--- START ---
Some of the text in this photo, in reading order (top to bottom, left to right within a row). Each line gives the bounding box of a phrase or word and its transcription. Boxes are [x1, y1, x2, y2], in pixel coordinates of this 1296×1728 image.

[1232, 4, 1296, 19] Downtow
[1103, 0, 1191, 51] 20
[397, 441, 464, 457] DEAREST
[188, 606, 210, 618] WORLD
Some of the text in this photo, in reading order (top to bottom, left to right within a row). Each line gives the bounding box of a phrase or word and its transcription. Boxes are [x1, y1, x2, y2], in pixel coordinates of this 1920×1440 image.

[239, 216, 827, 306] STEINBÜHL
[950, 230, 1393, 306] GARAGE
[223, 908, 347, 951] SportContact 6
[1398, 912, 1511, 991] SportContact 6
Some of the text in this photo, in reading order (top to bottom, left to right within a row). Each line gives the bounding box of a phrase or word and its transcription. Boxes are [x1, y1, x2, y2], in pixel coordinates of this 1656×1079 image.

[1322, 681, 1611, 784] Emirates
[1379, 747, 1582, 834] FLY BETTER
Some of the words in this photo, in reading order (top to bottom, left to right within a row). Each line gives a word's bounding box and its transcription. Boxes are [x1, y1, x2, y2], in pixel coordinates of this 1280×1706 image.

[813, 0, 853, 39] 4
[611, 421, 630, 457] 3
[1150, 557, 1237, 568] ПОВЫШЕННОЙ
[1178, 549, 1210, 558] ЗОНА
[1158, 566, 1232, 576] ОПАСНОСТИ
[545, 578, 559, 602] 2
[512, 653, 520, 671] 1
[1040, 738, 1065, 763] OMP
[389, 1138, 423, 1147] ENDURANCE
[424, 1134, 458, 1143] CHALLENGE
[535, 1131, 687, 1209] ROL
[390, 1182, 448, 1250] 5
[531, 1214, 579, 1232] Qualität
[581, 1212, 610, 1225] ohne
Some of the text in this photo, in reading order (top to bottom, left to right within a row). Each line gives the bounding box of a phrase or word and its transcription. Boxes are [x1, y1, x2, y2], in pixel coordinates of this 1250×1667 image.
--- END ---
* **ABOUT THIS TASK**
Here, the lines to copy run from the one containing "this 1656×1079 image." to the final line of the listing; copy them exactly and nothing else.

* **WORKED SOLUTION**
Some of the text in this photo, in reading order (top to bottom, left to right within a row). Each line gives the bounding box of a phrase or word and its transcription. Boxes are [x1, y1, x2, y2], in pixel coordinates of this 1656×1079 image.

[1322, 681, 1611, 784] Emirates
[1379, 747, 1582, 834] FLY BETTER
Some of the words in this photo, in reading order (top to bottom, left to right within a row). Each line gives a word's bounding box and its transcription. Boxes are [x1, y1, x2, y2], in pixel coordinates of this 1280×1706 image.

[813, 0, 853, 39] 4
[611, 421, 630, 457] 3
[1150, 557, 1237, 568] ПОВЫШЕННОЙ
[1178, 549, 1210, 558] ЗОНА
[1158, 566, 1232, 576] ОПАСНОСТИ
[545, 578, 559, 602] 2
[512, 653, 520, 671] 1
[1040, 738, 1065, 763] OMP
[389, 1138, 423, 1147] ENDURANCE
[424, 1134, 458, 1143] CHALLENGE
[535, 1131, 687, 1209] ROL
[390, 1182, 448, 1250] 5
[531, 1214, 579, 1232] Qualität
[581, 1212, 610, 1225] ohne
Some of the text in this photo, in reading order (top to bottom, left to right within a row). Each line gives the bounding box of a phrase or word and its transcription. Boxes are [x1, y1, x2, y2], in pixel coordinates of this 1250×1667 image.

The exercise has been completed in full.